The US Food and Drug Administration (FDA) has approved Johnson & Johnson’s (J&J) next-generation prostate cancer drug apalutamide, to be sold under the brand name Erleada.
The treatment is a receptor inhibitor that targets non-metastatic castration-resistant prostate cancer. It is the first of its kind to reach the market, assisting patients who would usually have no treatment options until their cancer spreads. Analysts have predicted the new drug could bring in sales of over a billion dollars to the company.
The FDA’s decision follows the success of the drug’s Phase III SPARTAN trial, which involved 1,207 patients and demonstrated that Erleada reduces the risk of distant metastasis or death by 72%. It also increased media metastasis-free survival by more than two years.
J&J is not the only company developing a treatment for nonmetastatic prostate cancer, with Pfizer making headway with its drug Xtandi. Their Phase III trial PROSPER showed Xtandi in combination with androgen deprivation therapy reduced the risk of developing metastases or death by 71%. Marketing applications based on the results of PROSPER have been submitted to the FDA and the European Medicines Agency, and are being considered for full review.
However, the speed with which Erleada was approved gives J&J the advantage of having its drug on the market first in the US, and under review in Europe as of last week.

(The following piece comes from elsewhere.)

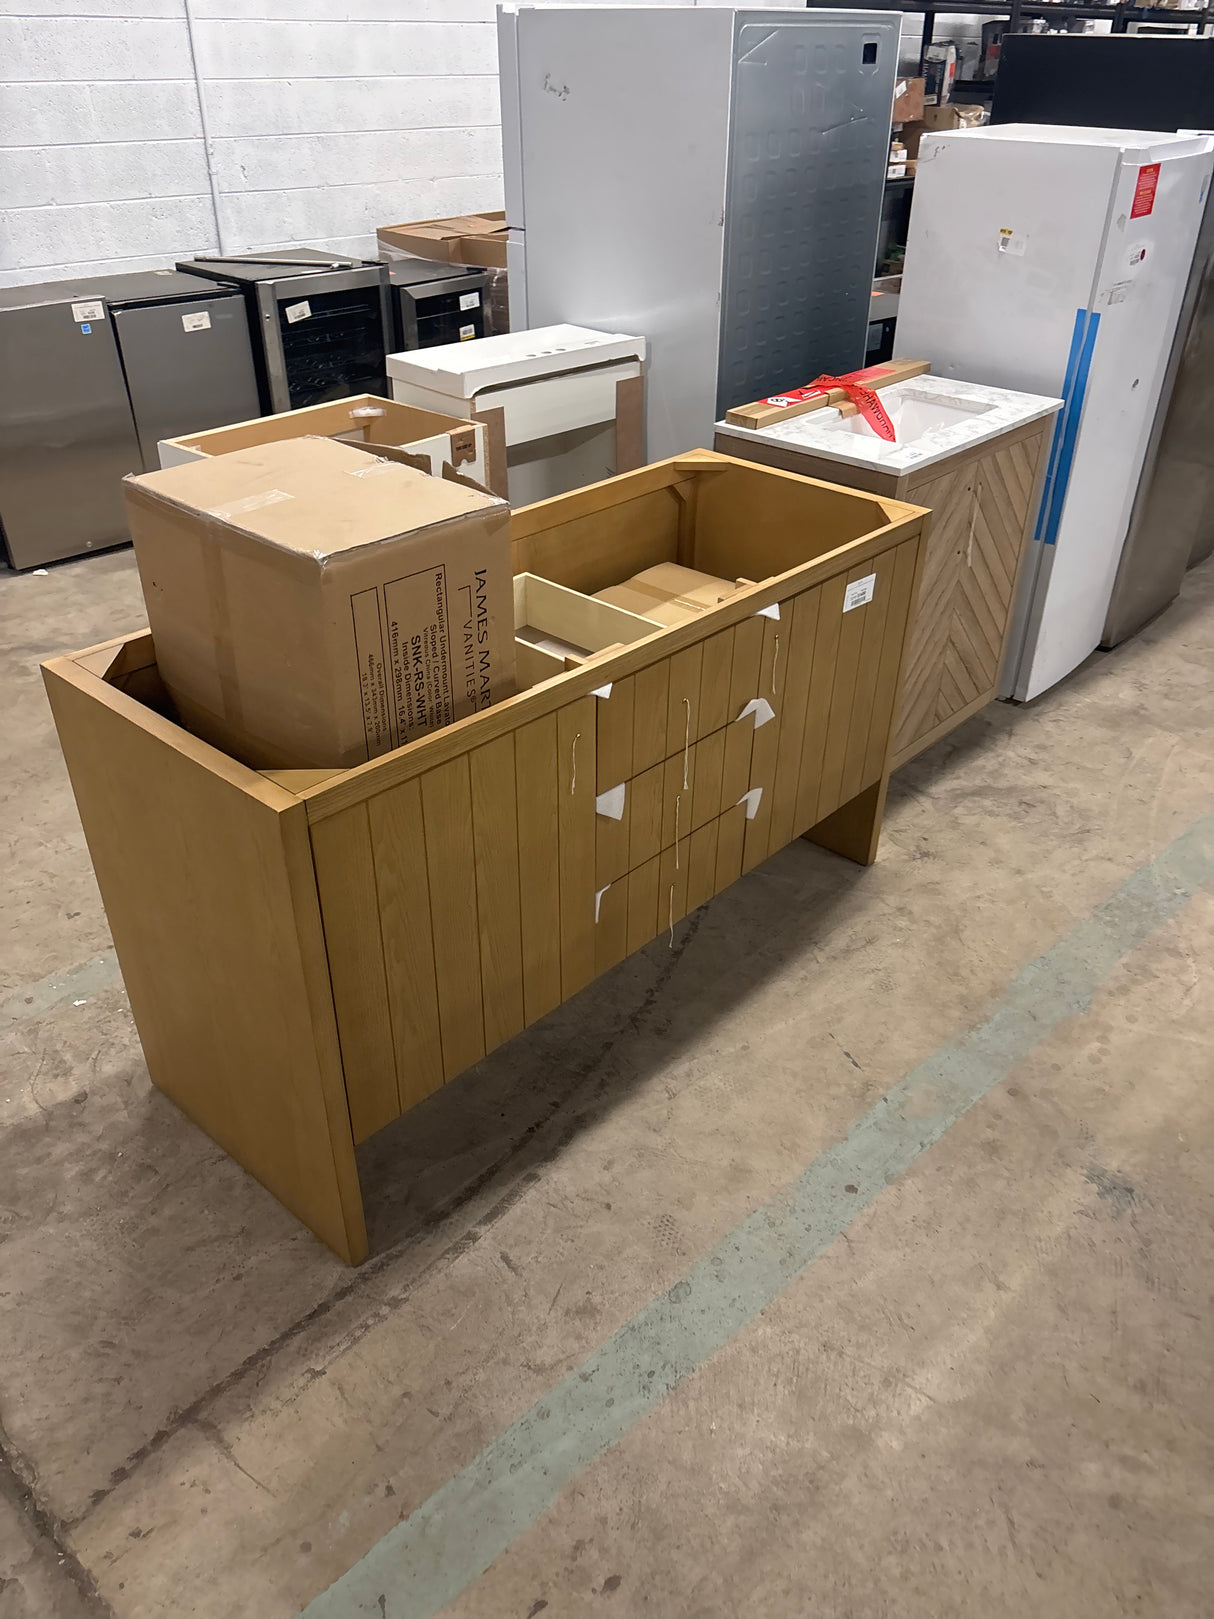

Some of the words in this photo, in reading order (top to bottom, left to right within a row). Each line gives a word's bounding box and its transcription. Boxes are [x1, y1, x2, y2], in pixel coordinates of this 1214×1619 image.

The approval comes earlier than the anticipated decision date of April, and the FDA has agreed to review the drug within a six-month period as opposed to the standard ten months due to its perceived importance. It is timely for J&J, which is currently facing the prospect of generic competition for its best-selling cancer drug Zytiga.
In the first quarter of 2017 alone Zytiga drew in $755 million in sales, up 45% on the previous Q4. However, last month the US Patent and Trademark Office overturned a patent protecting Zytiga from generic competition until 2027. Though J&J has appealed, generics firms such as Argentum are poised to flood the market with cheap copies.
The past year has been something of a rocky time for J&J, with the company becoming embroiled in a number of legal battles. In September last year Pfizer sued J&J for using anti-competitive tactics. Pfizer claimed that J&J was intentionally damaging sales of Pfizer’s arthritis drug Inflectra, a cheaper alternative to J&J’s Remicade. The drug is one of J&J’s best-selling medicines, bringing in nearly $7 billion in 2016. Following a US appeals court decision to invalidate a protective patent for Remicade, it has faced competition from copycat biosimilars, with Pfizer being the first to launch a version in the US market.
The company was also taken to court in November 2017 by patients claiming it had been knowingly selling defective artificial hips. A Dallas jury ordered J&J to pay $79 million in damages and $168 million in punitive damages to several patients whose artificial hips had to be surgically removed due to their premature failure.
However, J&J has also achieved significant financial success in 2017. The company topped Wall Street’s fourth quarter earnings and revenue expectations, with its new cancer drugs and acquisition of Swiss biotech Actelion bumping figures. Its blood cancer drugs Darzalex and Imbruvica were shown to have pulled in significant earnings in the company’s fourth quarter, with its plaque psoriasis treatment Tremfya also demonstrating strong growth. Blood thinner Xarelto also surpassed analysts’ expectations, reaching $710 million compared to the anticipated $669.5 million.